PROBLEM REQUIREMENTS
Write the listing out again exactly as it stands, with no images.

THE RECORDS

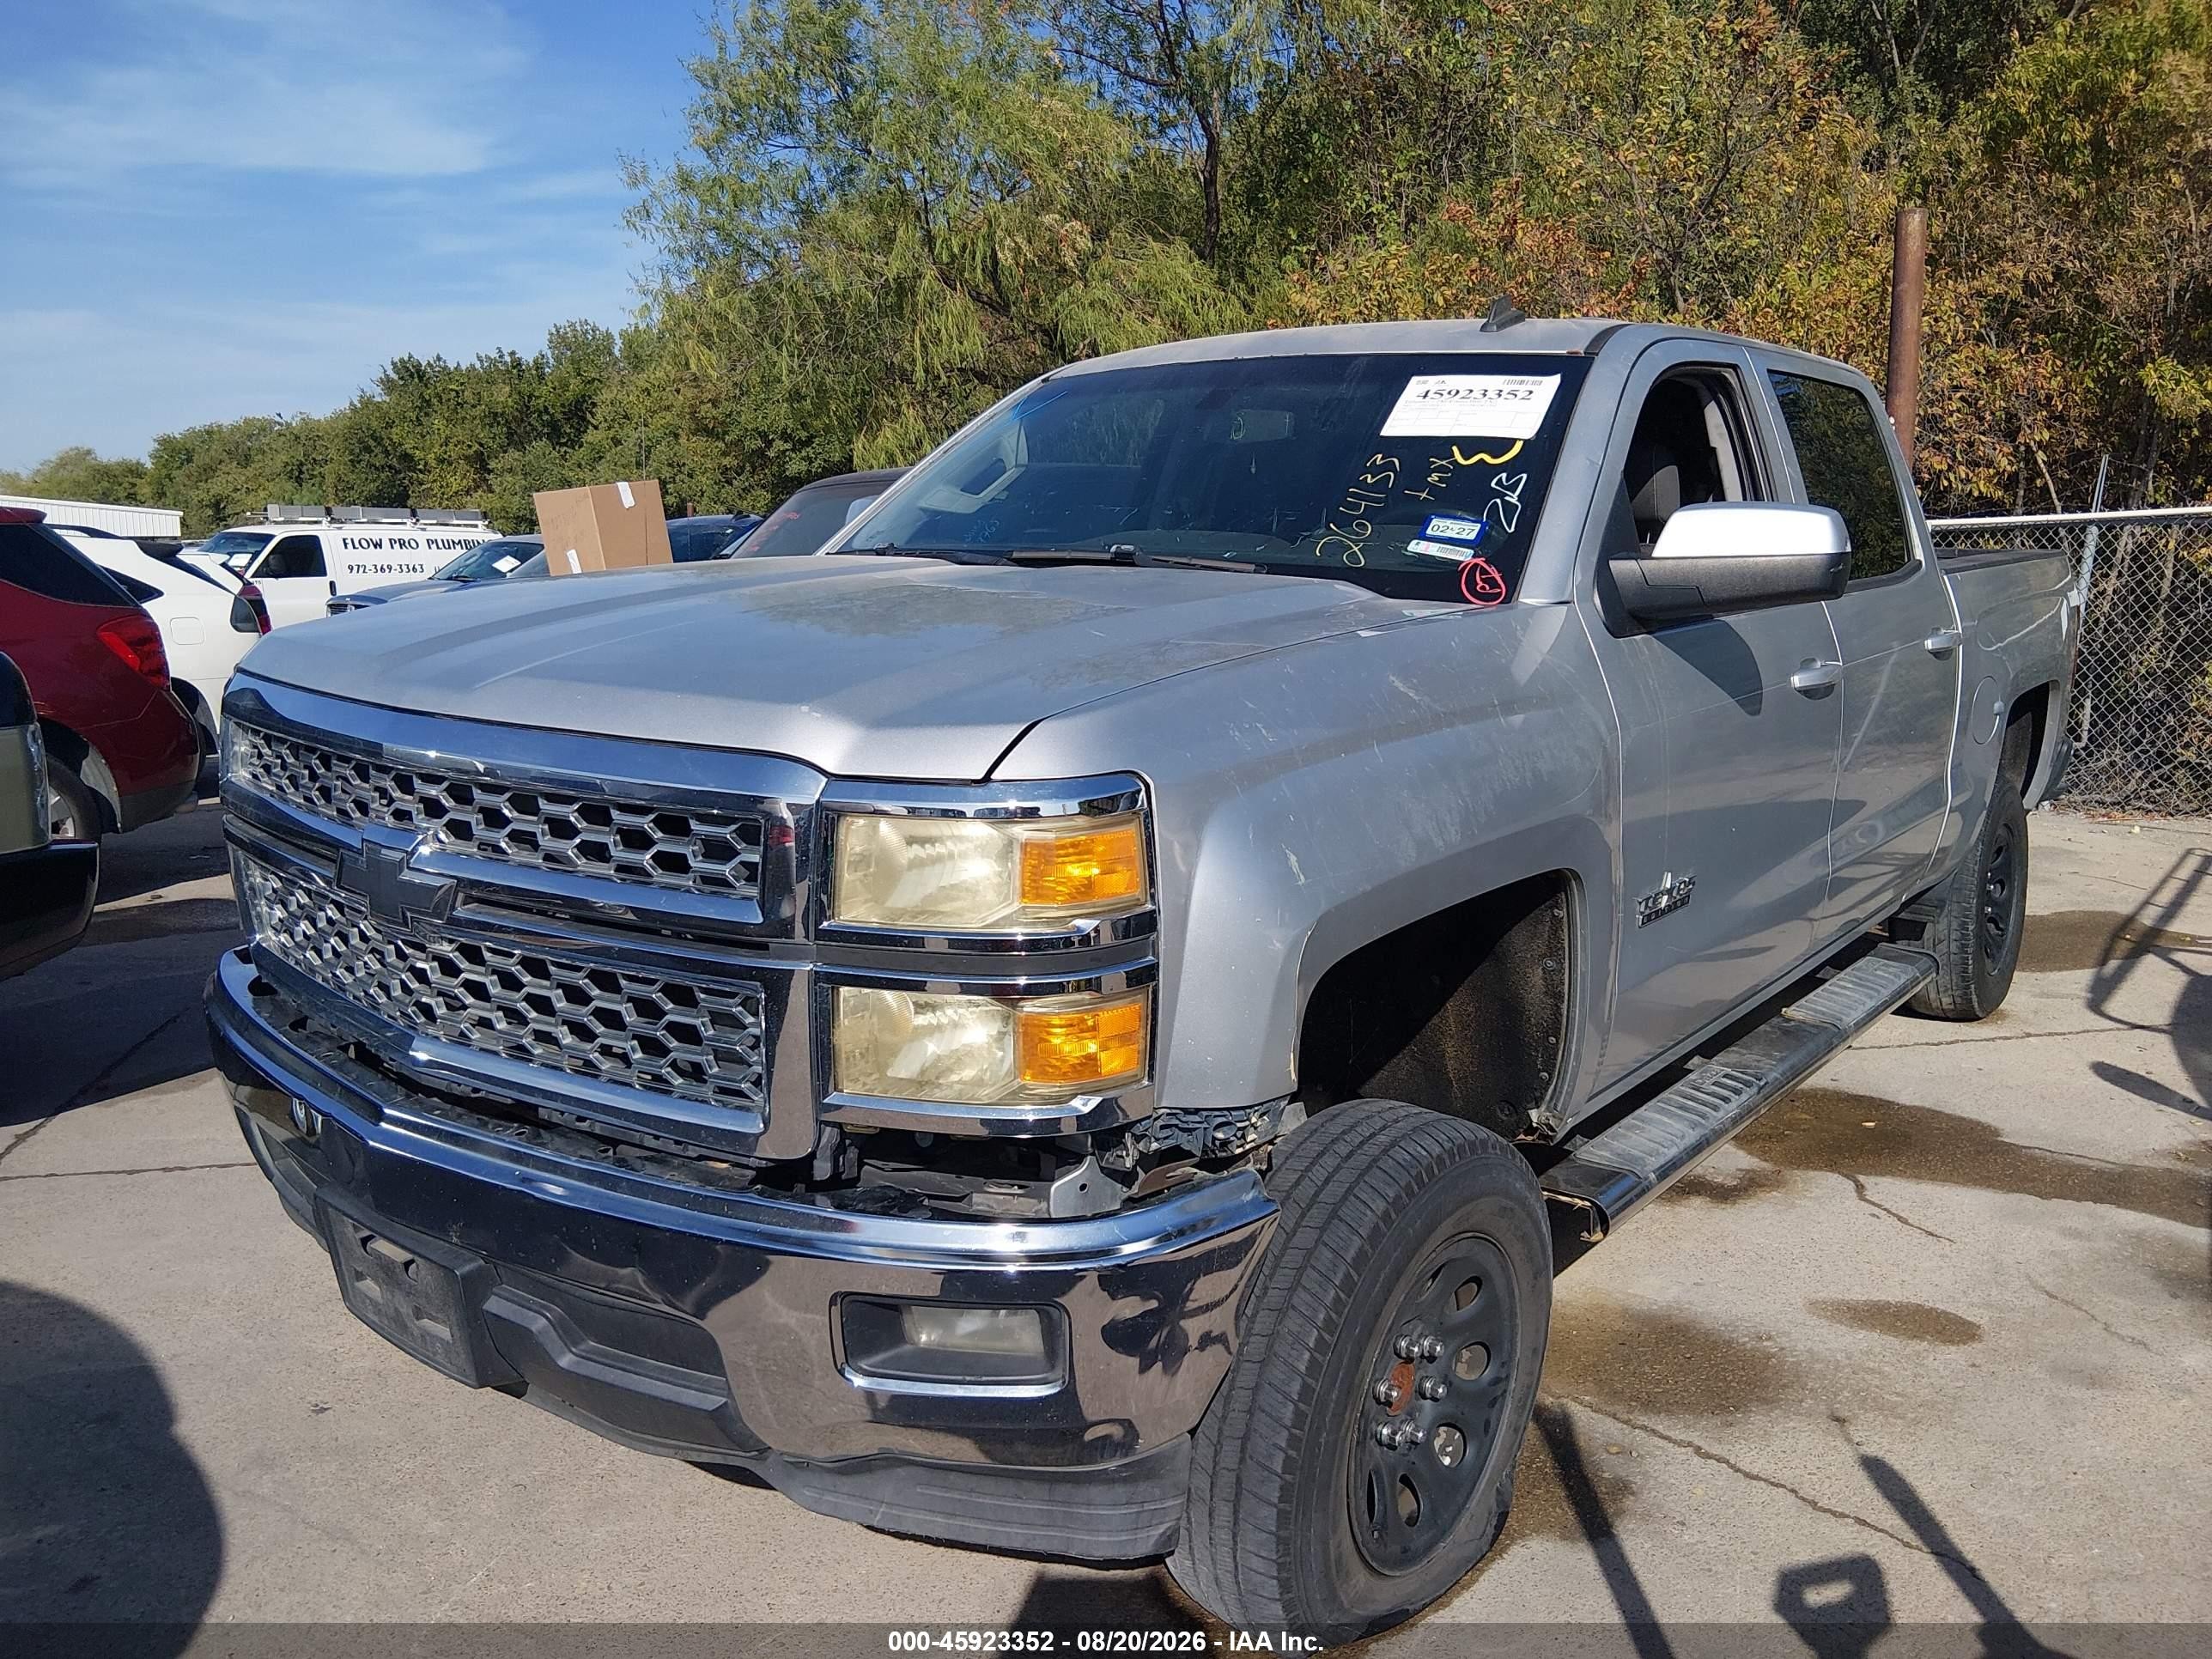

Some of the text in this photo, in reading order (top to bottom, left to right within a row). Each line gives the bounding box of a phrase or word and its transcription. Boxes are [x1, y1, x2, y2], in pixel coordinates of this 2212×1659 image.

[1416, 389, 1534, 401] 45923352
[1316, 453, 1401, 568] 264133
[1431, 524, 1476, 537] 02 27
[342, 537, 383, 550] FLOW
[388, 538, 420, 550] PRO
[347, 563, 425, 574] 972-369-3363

WRITTEN ANSWER
Some of the text in this photo, in reading order (top to bottom, left to right within a row). Each line gives the bounding box of a phrase or word and its transcription. Boxes are [x1, y1, x2, y2], in pixel coordinates of this 2212×1659 image.

[1416, 389, 1534, 401] 45923352
[1316, 453, 1401, 568] 264133
[1431, 524, 1476, 537] 02 27
[342, 537, 383, 550] FLOW
[388, 538, 420, 550] PRO
[347, 563, 425, 574] 972-369-3363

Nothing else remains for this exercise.